Il degrado delle città è in gran parte dovuto alla scelta di privilegiare i bisogni dei cittadini maschi, adulti e produttivi come priorità economica e amministrativa; è sofferto da tutti i cittadini ma specialmente dai più deboli e dai più piccoli. Il potere del cittadino adulto lavoratore è dimostrato dall’importanza che l’automobile ha assunto nella nostra società, condizionando le scelte strutturali e funzionali della città e creando gravi difficoltà per la salute e la sicurezza di tutti i cittadini.

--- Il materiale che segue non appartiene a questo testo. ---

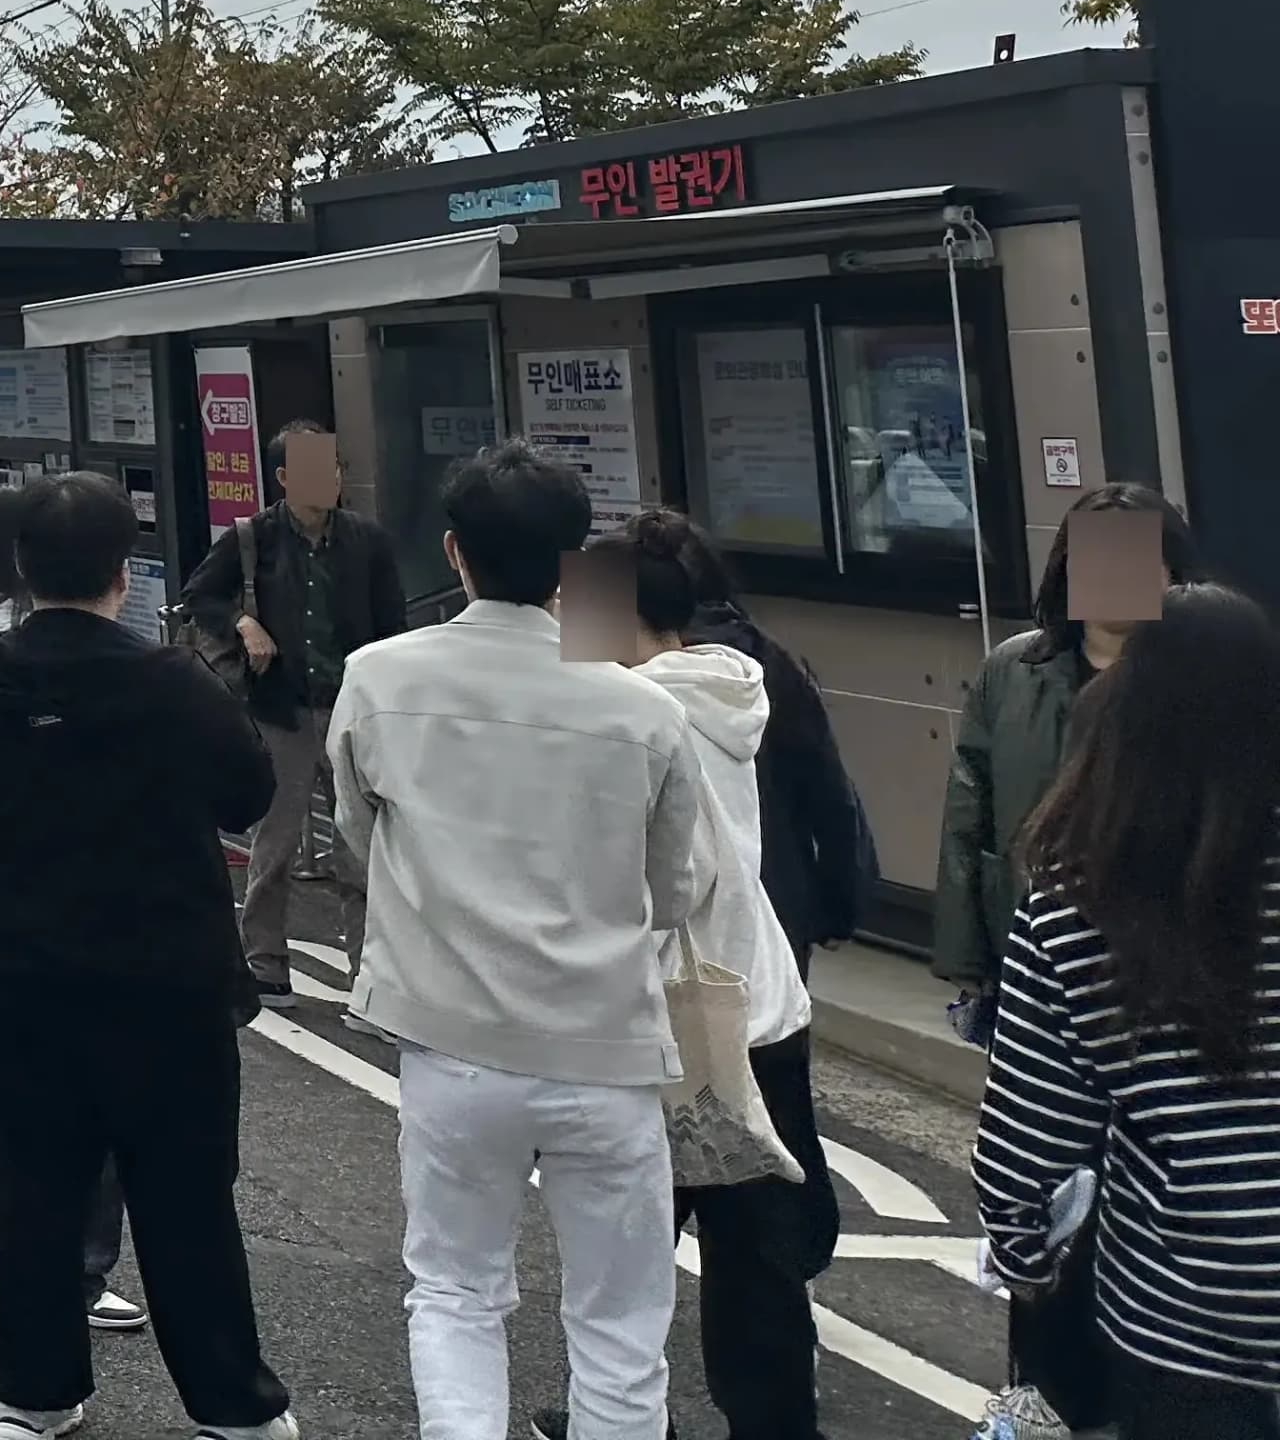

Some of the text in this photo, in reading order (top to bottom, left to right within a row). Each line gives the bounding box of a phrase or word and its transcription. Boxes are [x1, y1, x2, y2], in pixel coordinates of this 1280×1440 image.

La Convenzione ONU dei diritti del fanciullo del 1989, ratificata con la legge nazionale n. 176/1991, all’articolo 12 sancisce il diritto dei bambini ad essere consultati ogni volta che si prendono decisioni che li riguardano e di tener conto delle loro opinioni, e questo riguarda anche le città. Ascoltare e consultare i bambini diventa quindi un fatto importante ma, ancora di più, un investimento nel futuro della propria città, un modo intelligente per investire nel proprio futuro.

Il progetto LA CITTÀ DEI BAMBINI è nato nel 1991 a Fano, nel 1996 nasce la rete internazionale delle città aderenti al progetto. Attualmente fanno parte della rete circa 200 città in Italia, Spagna, Argentina, Uruguay, Cile, Colombia, Perù e Messico. La rete internazionale è coordinata dal Laboratorio internazionale “La città dei bambini” dell’ISTC del Consiglio Nazionale delle Ricerche, di Roma.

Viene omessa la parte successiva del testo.